V. Standard of Review

[18] As noted, the issue in this case is reasonableness. With regard to reasonableness, in Canada Post Corp v Canadian Union of Postal Workers, 2019 SCC 67, issued at the same time as the Supreme Court of Canada’s decision in Canada (Minister of Citizenship and Immigration) v Vavilov, 2019 SCC 65 [Vavilov], the majority per Justice Rowe explains what is required for a reasonable decision, and what is required of a court reviewing on the reasonableness standard:

[31] A reasonable decision is “one that is based on an internally coherent and rational chain of analysis and that is justified in relation to the facts and law that constrain the decision maker” (Vavilov, at para 85). Accordingly, when conducting reasonableness review “[a] reviewing court must begin its inquiry into the reasonableness of a decision by examining the reasons provided with ‘respectful attention’ and seeking to understand the reasoning process followed by the decision maker to arrive at [the] conclusion” (Vavilov, at para. 84, quoting Dunsmuir, at para. 48). The reasons should be read holistically and contextually in order to understand “the basis on which a decision was made” (Vavilov, at para 97, citing Newfoundland Nurses).

[32] A reviewing court should consider whether the decision as a whole is reasonable: “what is reasonable in a given situation will always depend on the constraints imposed by the legal and factual context of the particular decision under review” (Vavilov, at para 90). The reviewing court must ask “whether the decision bears the hallmarks of reasonableness—justification, transparency and intelligibility—and whether it is justified in relation to the relevant factual and legal constraints that bear on the decision” (Vavilov, at para. 99, citing Dunsmuir, at paras. 47 and 74, and Catalyst Paper Corp v North Cowichan (District), 2012 SCC 2, [2012] 1 SCR 5, at para 13).

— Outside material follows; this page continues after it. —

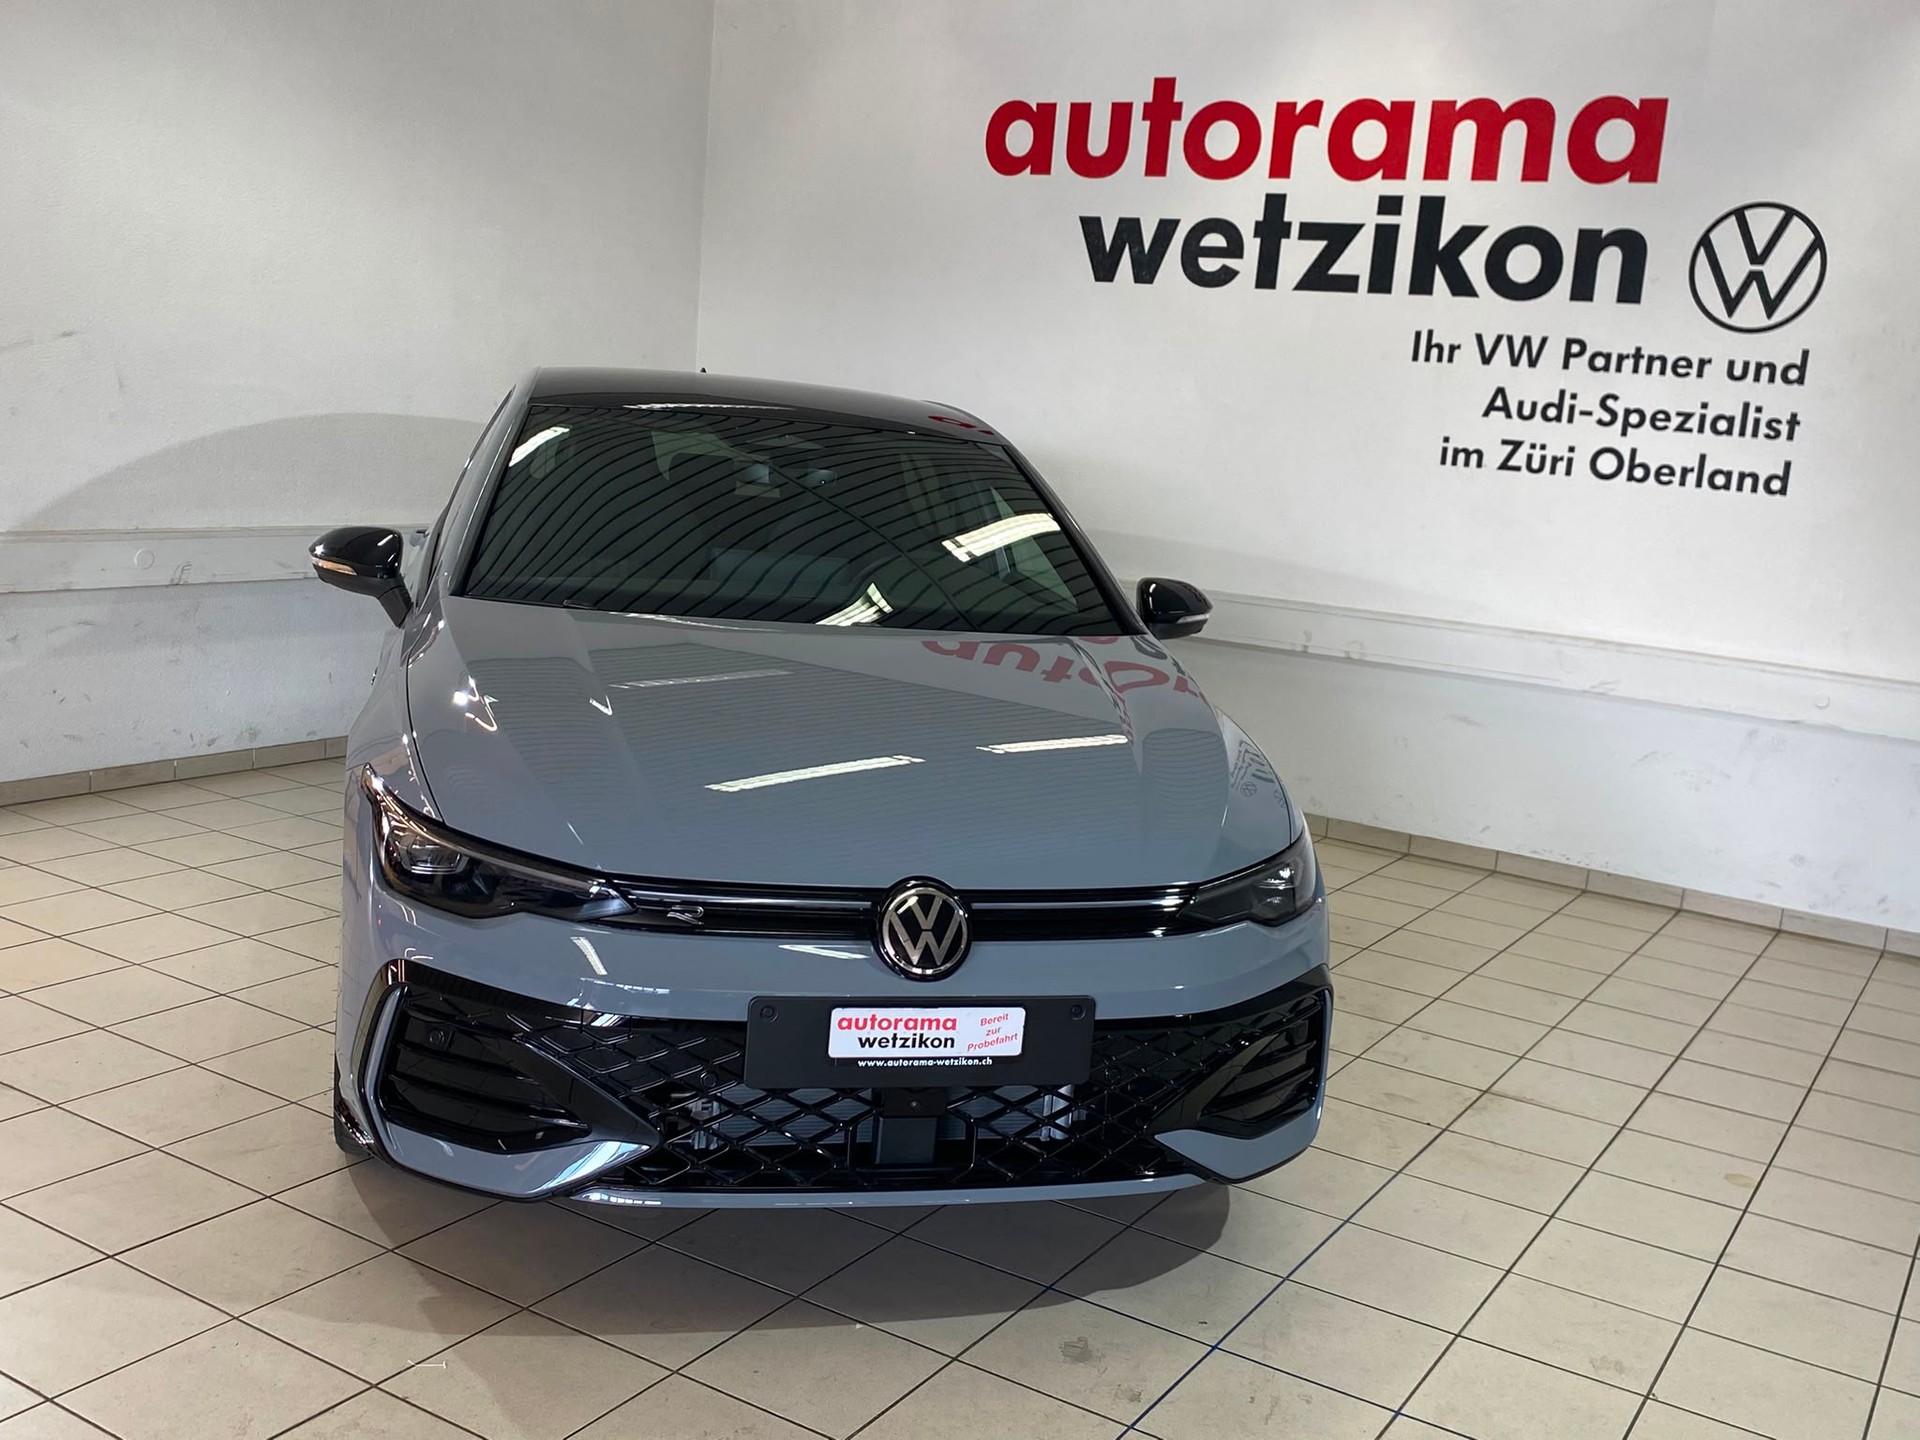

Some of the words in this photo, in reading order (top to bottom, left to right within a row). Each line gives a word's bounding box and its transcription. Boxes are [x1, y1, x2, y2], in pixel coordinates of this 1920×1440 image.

[33] Under reasonableness review, “[t]he burden is on the party challenging the decision to show that it is unreasonable” (Vavilov, at para 100). The challenging party must satisfy the court “that any shortcomings or flaws relied on … are sufficiently central or significant to render the decision unreasonable” (Vavilov, at para 100).

[Emphasis added]

[19] Furthermore, Vavilov makes it abundantly clear the role of this Court is not to reweigh and reassess the evidence unless there are “exceptional circumstances”. The Supreme Court of Canada instructs:

[125] It is trite law that the decision maker may assess and evaluate the evidence before it and that, absent exceptional circumstances, a reviewing court will not interfere with its factual findings. The reviewing court must refrain from “reweighing and reassessing the evidence considered by the decision maker”: CHRC, at para. 55; see also Khosa, at para. 64; Dr. Q, at paras. 41–42. Indeed, many of the same reasons that support an appellate court’s deferring to a lower court’s factual findings, including the need for judicial efficiency, the importance of preserving certainty and public confidence, and the relatively advantageous position of the first instance decision maker, apply equally in the context of judicial review: see Housen, at paras. 15–18; Dr. Q, at para. 38; Dunsmuir, at para. 53.

[Emphasis added]

[20] The Federal Court of Appeal recently held in Doyle v Canada (Attorney General), 2021 FCA 237 [Doyle] that the role of this Court is not to reweigh and reassess the evidence:

[3] In doing that, the Federal Court was quite right. Under this legislative scheme, the administrative decision maker, here the Director, alone considers the evidence, decides on issues of admissibility and weight, assesses whether inferences should be drawn, and makes a decision. In conducting reasonableness review of the Director’s decision, the reviewing court, here the Federal Court, can interfere only where the Director has committed fundamental errors in fact-finding that undermine the acceptability of the decision. Reweighing and second-guessing the evidence is no part of its role. Sticking to its role, the Federal Court did not find any fundamental errors.

[4] On appeal, in essence, the appellant invites us in his written and oral submissions to reweigh and second-guess the evidence. We decline the invitation.

[21] Furthermore, in this Court’s decision of Martinez Giron v Canada (Citizenship and Immigration), 2013 FC 7, Justice Kane enunciated the deference owed to tribunal decision makers:

[14] With respect to the Board’s analysis of credibility and plausibility, given its role as trier of fact, the Board’s findings warrant significant deference: Lin v Canada (Minister of Citizenship and Immigration), 2008 FC 1052, [2008] FCJ No 1329 at para 13; Fatih v Canada (Minister of Citizenship and Immigration), 2012 FC 857, [2012] FCJ No 924 at para 65.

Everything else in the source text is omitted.